The CIO and Cyber Risk

 

Guest blog by Philip Clayson


Digital cyber risk in an increasingly digital landscape is a topic everyone should be intimate with, and yet few people are.  The mundanity of the management of risk is often displaced by the need to deliver transformation, accelerate product innovation or simply deliver the numbers. How then can we as business leaders, reduce the overhead of Digital Cyber Risk, with modest levels of time and financial investment, and adopt modern technology principles, without creating a cottage industry around it, and do it quickly, while also doing our day job.

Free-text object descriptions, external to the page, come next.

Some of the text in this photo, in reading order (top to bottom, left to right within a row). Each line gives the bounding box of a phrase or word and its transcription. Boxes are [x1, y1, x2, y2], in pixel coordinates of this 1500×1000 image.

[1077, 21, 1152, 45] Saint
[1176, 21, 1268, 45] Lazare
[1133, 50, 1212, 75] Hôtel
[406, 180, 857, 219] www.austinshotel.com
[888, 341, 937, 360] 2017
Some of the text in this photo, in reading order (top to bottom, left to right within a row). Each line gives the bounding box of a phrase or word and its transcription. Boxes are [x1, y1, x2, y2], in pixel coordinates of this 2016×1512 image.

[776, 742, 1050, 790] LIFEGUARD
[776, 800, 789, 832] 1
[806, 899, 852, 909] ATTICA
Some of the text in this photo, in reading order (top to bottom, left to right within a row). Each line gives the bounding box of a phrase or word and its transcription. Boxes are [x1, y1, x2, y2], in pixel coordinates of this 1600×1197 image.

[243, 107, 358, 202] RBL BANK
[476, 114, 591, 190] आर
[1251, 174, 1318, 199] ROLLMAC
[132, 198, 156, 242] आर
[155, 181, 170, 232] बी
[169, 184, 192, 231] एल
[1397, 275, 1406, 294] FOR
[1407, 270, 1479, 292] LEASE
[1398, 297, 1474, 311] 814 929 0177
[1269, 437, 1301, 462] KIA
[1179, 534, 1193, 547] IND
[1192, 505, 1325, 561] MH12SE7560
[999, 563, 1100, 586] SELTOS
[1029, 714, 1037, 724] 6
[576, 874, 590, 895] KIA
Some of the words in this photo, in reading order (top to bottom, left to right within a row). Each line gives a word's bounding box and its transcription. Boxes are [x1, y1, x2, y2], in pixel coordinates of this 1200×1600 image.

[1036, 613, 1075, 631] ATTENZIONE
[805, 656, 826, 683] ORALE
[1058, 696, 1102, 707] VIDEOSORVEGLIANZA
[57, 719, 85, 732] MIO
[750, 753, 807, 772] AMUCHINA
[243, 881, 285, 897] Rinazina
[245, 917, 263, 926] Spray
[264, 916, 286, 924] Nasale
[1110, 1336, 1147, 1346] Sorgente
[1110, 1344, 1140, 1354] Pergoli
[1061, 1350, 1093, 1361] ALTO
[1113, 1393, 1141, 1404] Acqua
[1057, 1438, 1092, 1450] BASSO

While the entire executive team is responsible for the successful digital transformation of the business, it is the CIO, CTO and technology leadership team that serve as the bridge connecting IT with the business. The CISO, CRO and CIO must ensure that appropriate risk management is embedded into digital transformation, whether B2B or B2C, but especially if there is a Critical National Infrastructure component to a company’s operations.

In the digital economy, the management of risk, including cyber and physical security must be an integral part of business processes, not an afterthought or add-on. Risk cannot be viewed as a defensive investment with limited (if any) ROI, but instead must be considered a foundational element of any business model.

Unfortunately, too often risk management and cyber security is seen as overhead rather than an enabler of success. Who had a worldwide pandemic on their risk tracker? Most good CIOs know all too well where their risks exist and are tasked with not only protecting the business from harm, but also convincing the rest of the executive team to invest in remediation programmes they often barely understand.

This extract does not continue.